▶ [EXERCISE]: For the records shown below, return an exact copy that excludes the pictures.

DATA RECORDS section start

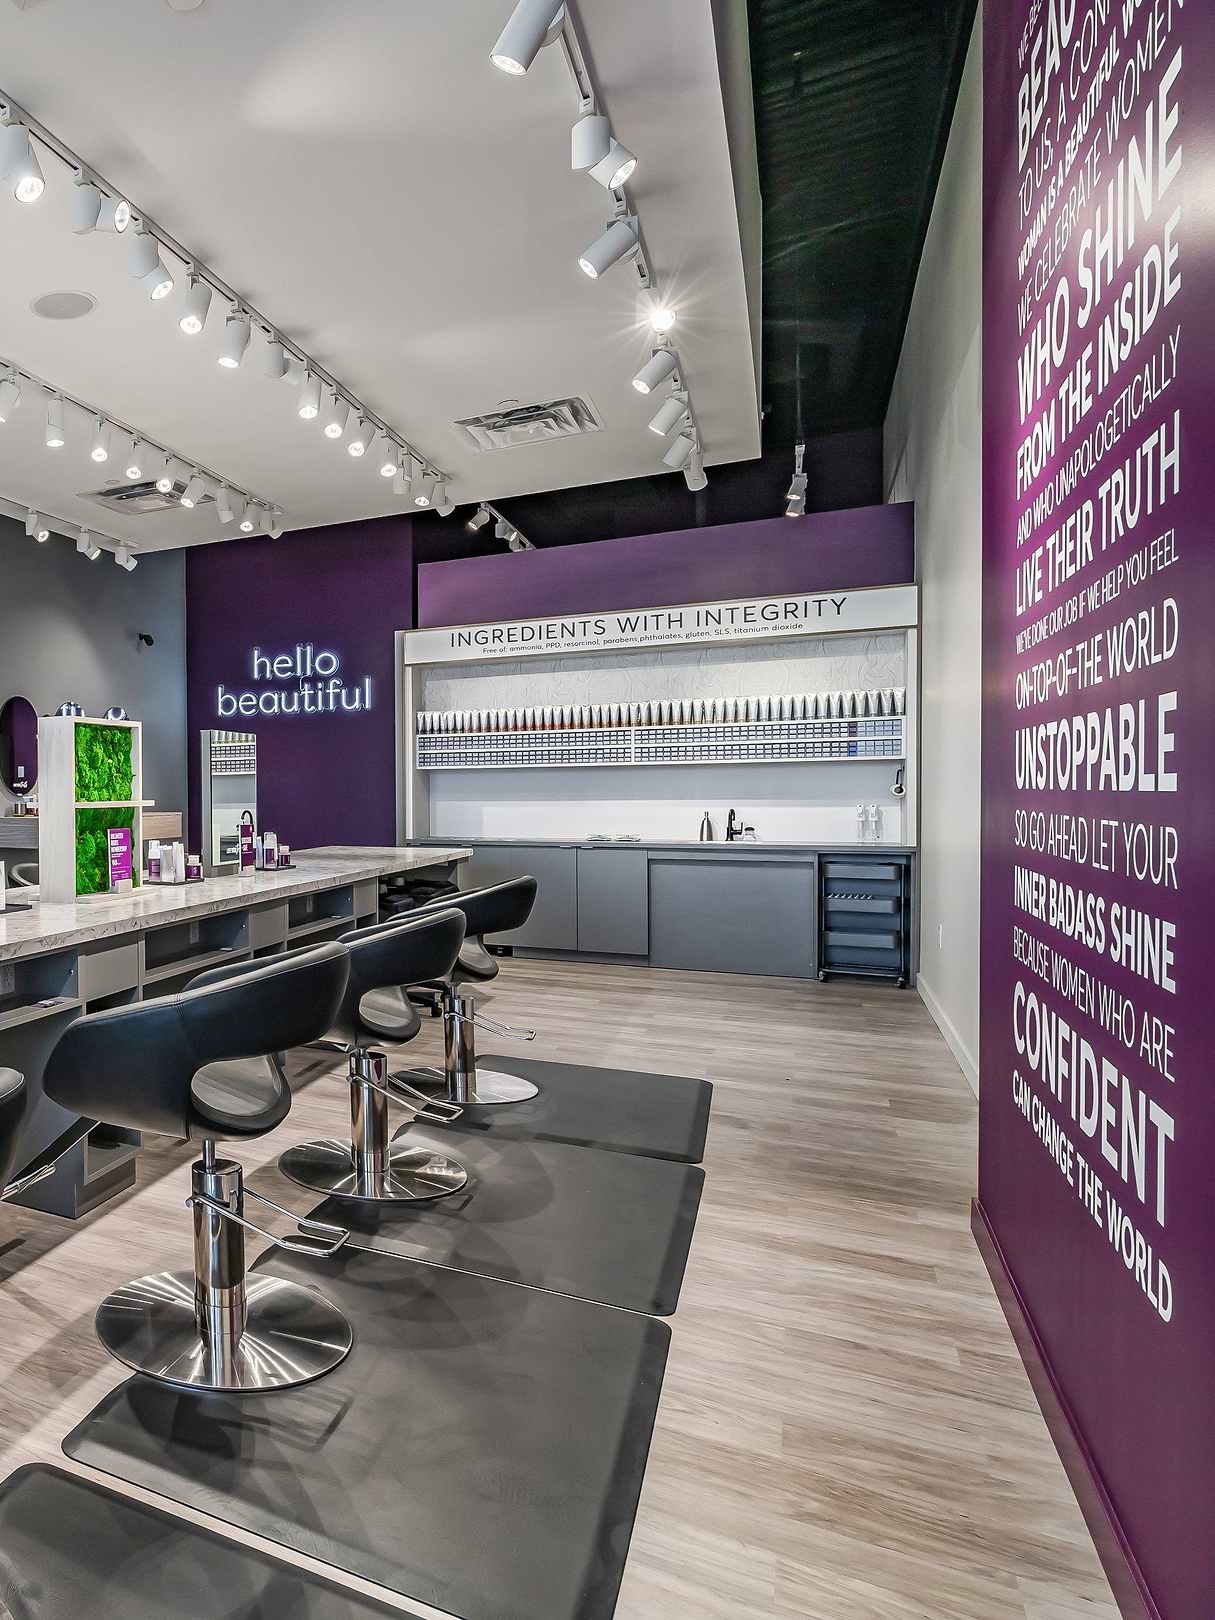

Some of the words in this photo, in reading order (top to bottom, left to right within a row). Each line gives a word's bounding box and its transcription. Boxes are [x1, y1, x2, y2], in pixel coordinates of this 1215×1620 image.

[1018, 22, 1029, 69] WE
[1018, 195, 1047, 281] WOMAN
[1048, 176, 1056, 216] IS
[1057, 160, 1064, 197] A
[1065, 26, 1120, 178] BEAUTIFUL
[1018, 168, 1033, 230] TO
[1035, 118, 1053, 188] US,
[1057, 83, 1067, 142] A
[1017, 276, 1070, 425] WHO
[1077, 46, 1182, 328] SHINE
[1018, 277, 1032, 336] WE
[1035, 127, 1101, 302] CELEBRATE
[1016, 398, 1055, 501] FROM
[1059, 341, 1093, 443] THE
[1097, 204, 1181, 395] INSIDE
[1016, 507, 1032, 549] AND
[1033, 481, 1054, 530] WHO
[1056, 324, 1181, 506] UNAPOLOGETICALLY
[1016, 545, 1043, 617] LIVE
[1046, 499, 1094, 593] THEIR
[1098, 408, 1180, 551] TRUTH
[451, 619, 606, 648] INGREDIENTS
[616, 611, 683, 634] WITH
[696, 597, 848, 627] INTEGRITY
[509, 643, 544, 652] ammonia,
[545, 641, 562, 649] PPD,
[563, 638, 601, 648] resorcinol,
[685, 630, 712, 640] gluten,
[734, 625, 770, 634] titanium
[771, 622, 804, 631] dioxide
[1031, 615, 1049, 647] DONE
[1049, 605, 1063, 636] OUR
[1063, 596, 1078, 628] JOB
[1079, 589, 1087, 619] IF
[1087, 580, 1101, 613] WE
[1101, 564, 1124, 605] HELP
[1125, 546, 1148, 589] YOU
[1150, 528, 1180, 575] FEEL
[1107, 597, 1179, 679] WORLD
[217, 675, 372, 717] beautiful
[253, 643, 340, 680] hello
[1015, 691, 1178, 792] UNSTOPPABLE
[1014, 809, 1028, 847] SO
[1029, 811, 1046, 853] GO
[1047, 813, 1088, 864] AHEAD
[1092, 818, 1119, 872] LET
[1123, 821, 1178, 890] YOUR
[1014, 865, 1046, 923] INNER
[1049, 877, 1106, 955] BADASS
[1110, 902, 1176, 995] SHINE
[1013, 925, 1049, 983] BECAUSE
[1051, 949, 1095, 1020] WOMEN
[1098, 980, 1135, 1049] WHO
[1139, 1011, 1175, 1083] ARE
[1013, 980, 1175, 1228] CONFIDENT
[1012, 1069, 1031, 1122] CAN
[1032, 1094, 1074, 1187] CHANGE
[1076, 1152, 1103, 1229] THE
[1106, 1189, 1173, 1323] WORLD
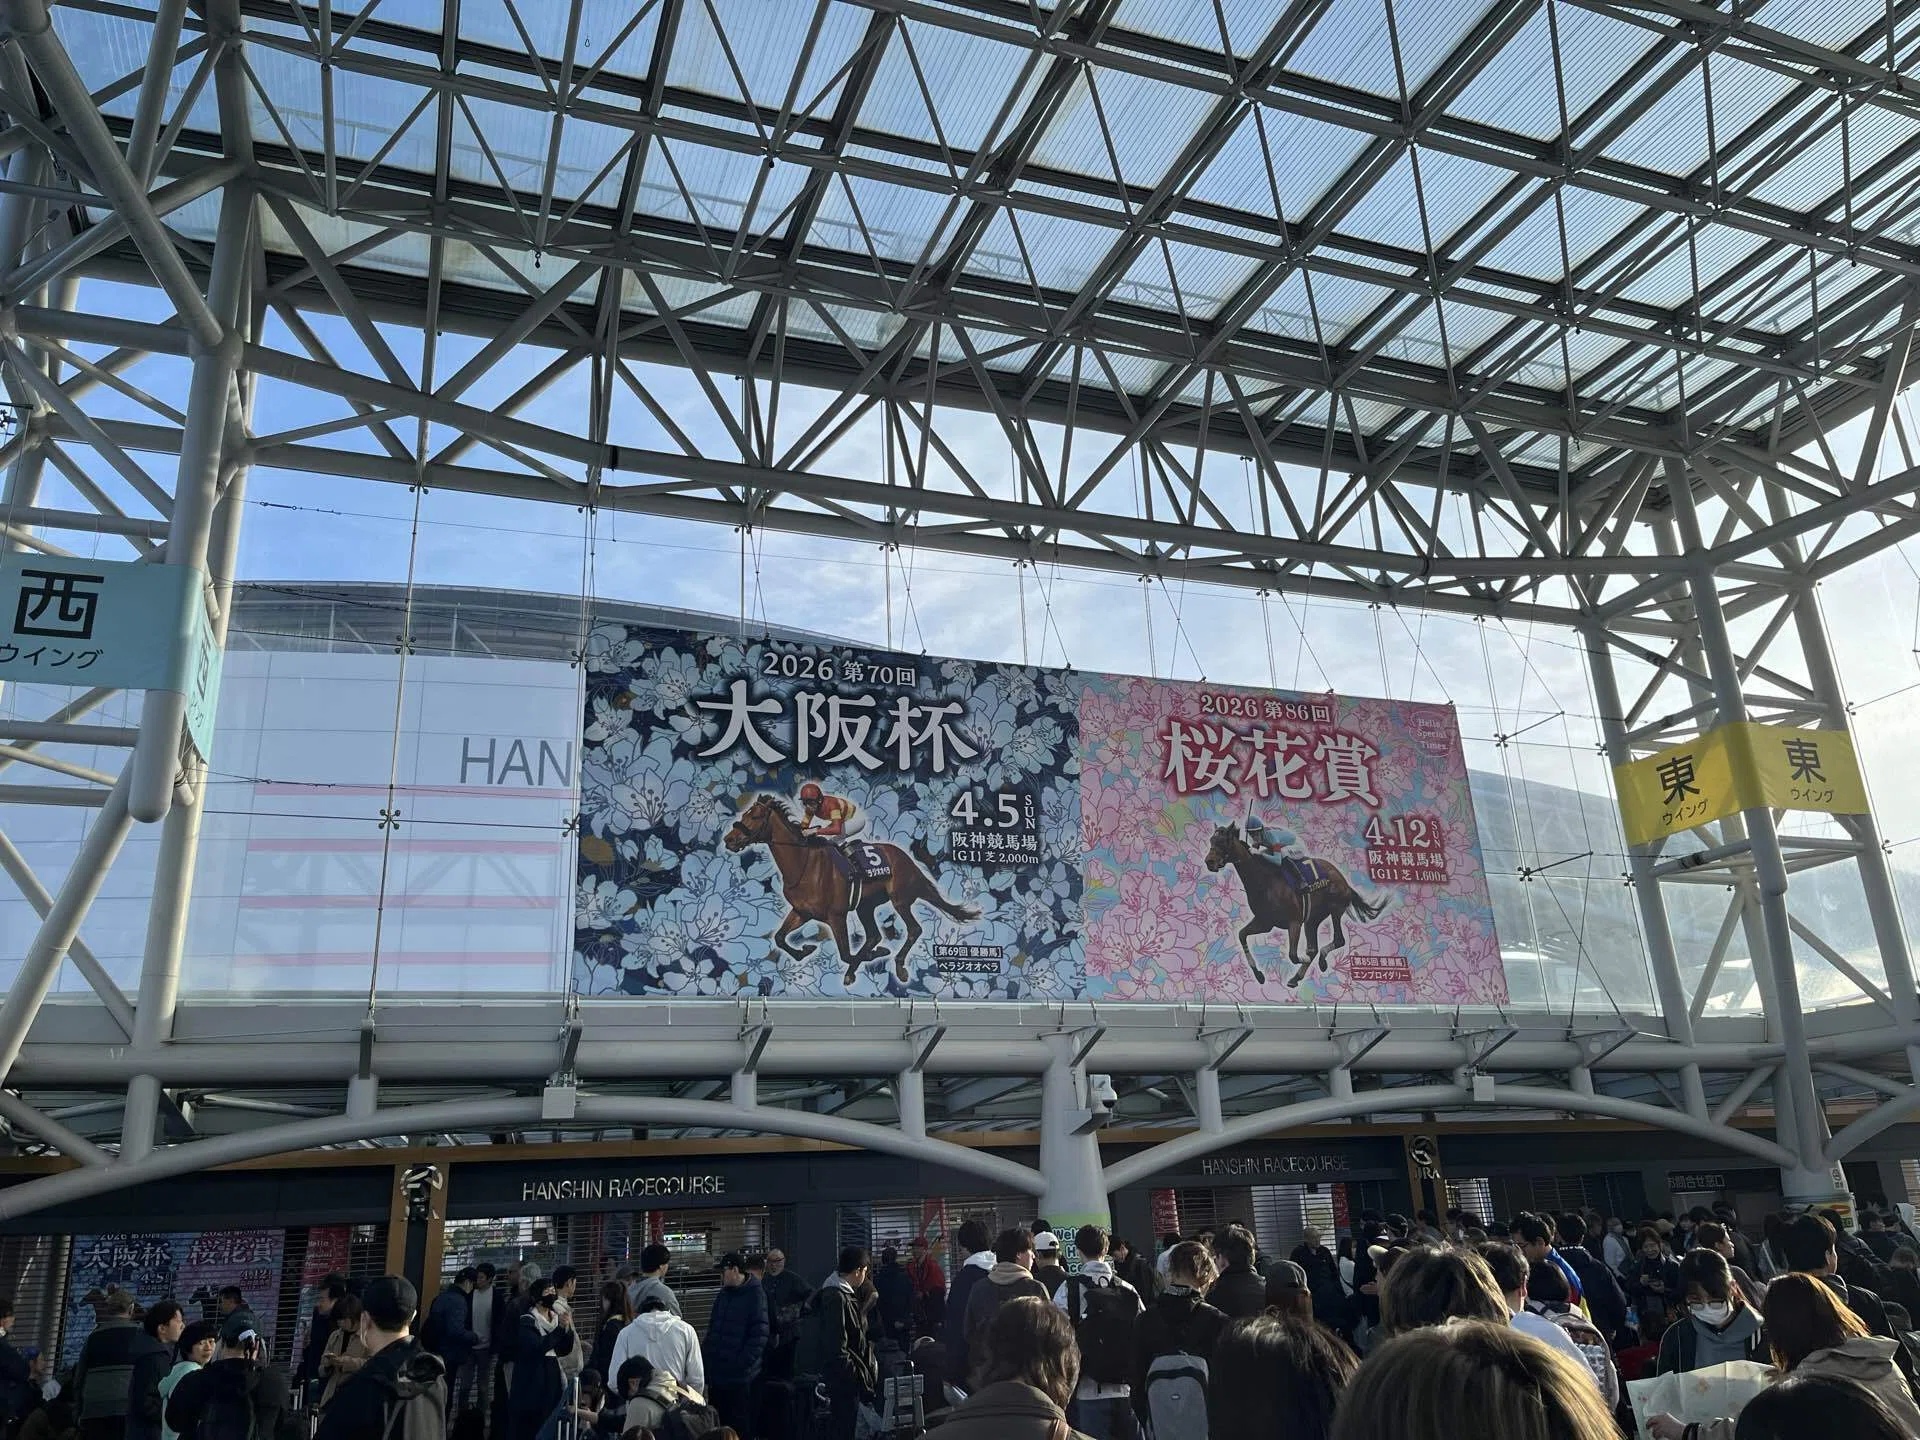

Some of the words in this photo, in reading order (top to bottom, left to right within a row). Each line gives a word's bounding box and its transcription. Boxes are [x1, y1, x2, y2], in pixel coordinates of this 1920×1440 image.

DATA RECORDS section end

▶ [REPLY]:
Some of the words in this photo, in reading order (top to bottom, left to right within a row). Each line gives a word's bounding box and its transcription. Boxes are [x1, y1, x2, y2], in pixel coordinates of this 1215×1620 image.

[1018, 22, 1029, 69] WE
[1018, 195, 1047, 281] WOMAN
[1048, 176, 1056, 216] IS
[1057, 160, 1064, 197] A
[1065, 26, 1120, 178] BEAUTIFUL
[1018, 168, 1033, 230] TO
[1035, 118, 1053, 188] US,
[1057, 83, 1067, 142] A
[1017, 276, 1070, 425] WHO
[1077, 46, 1182, 328] SHINE
[1018, 277, 1032, 336] WE
[1035, 127, 1101, 302] CELEBRATE
[1016, 398, 1055, 501] FROM
[1059, 341, 1093, 443] THE
[1097, 204, 1181, 395] INSIDE
[1016, 507, 1032, 549] AND
[1033, 481, 1054, 530] WHO
[1056, 324, 1181, 506] UNAPOLOGETICALLY
[1016, 545, 1043, 617] LIVE
[1046, 499, 1094, 593] THEIR
[1098, 408, 1180, 551] TRUTH
[451, 619, 606, 648] INGREDIENTS
[616, 611, 683, 634] WITH
[696, 597, 848, 627] INTEGRITY
[509, 643, 544, 652] ammonia,
[545, 641, 562, 649] PPD,
[563, 638, 601, 648] resorcinol,
[685, 630, 712, 640] gluten,
[734, 625, 770, 634] titanium
[771, 622, 804, 631] dioxide
[1031, 615, 1049, 647] DONE
[1049, 605, 1063, 636] OUR
[1063, 596, 1078, 628] JOB
[1079, 589, 1087, 619] IF
[1087, 580, 1101, 613] WE
[1101, 564, 1124, 605] HELP
[1125, 546, 1148, 589] YOU
[1150, 528, 1180, 575] FEEL
[1107, 597, 1179, 679] WORLD
[217, 675, 372, 717] beautiful
[253, 643, 340, 680] hello
[1015, 691, 1178, 792] UNSTOPPABLE
[1014, 809, 1028, 847] SO
[1029, 811, 1046, 853] GO
[1047, 813, 1088, 864] AHEAD
[1092, 818, 1119, 872] LET
[1123, 821, 1178, 890] YOUR
[1014, 865, 1046, 923] INNER
[1049, 877, 1106, 955] BADASS
[1110, 902, 1176, 995] SHINE
[1013, 925, 1049, 983] BECAUSE
[1051, 949, 1095, 1020] WOMEN
[1098, 980, 1135, 1049] WHO
[1139, 1011, 1175, 1083] ARE
[1013, 980, 1175, 1228] CONFIDENT
[1012, 1069, 1031, 1122] CAN
[1032, 1094, 1074, 1187] CHANGE
[1076, 1152, 1103, 1229] THE
[1106, 1189, 1173, 1323] WORLD

Some of the words in this photo, in reading order (top to bottom, left to right within a row). Each line gives a word's bounding box and its transcription. Boxes are [x1, y1, x2, y2], in pixel coordinates of this 1920×1440 image.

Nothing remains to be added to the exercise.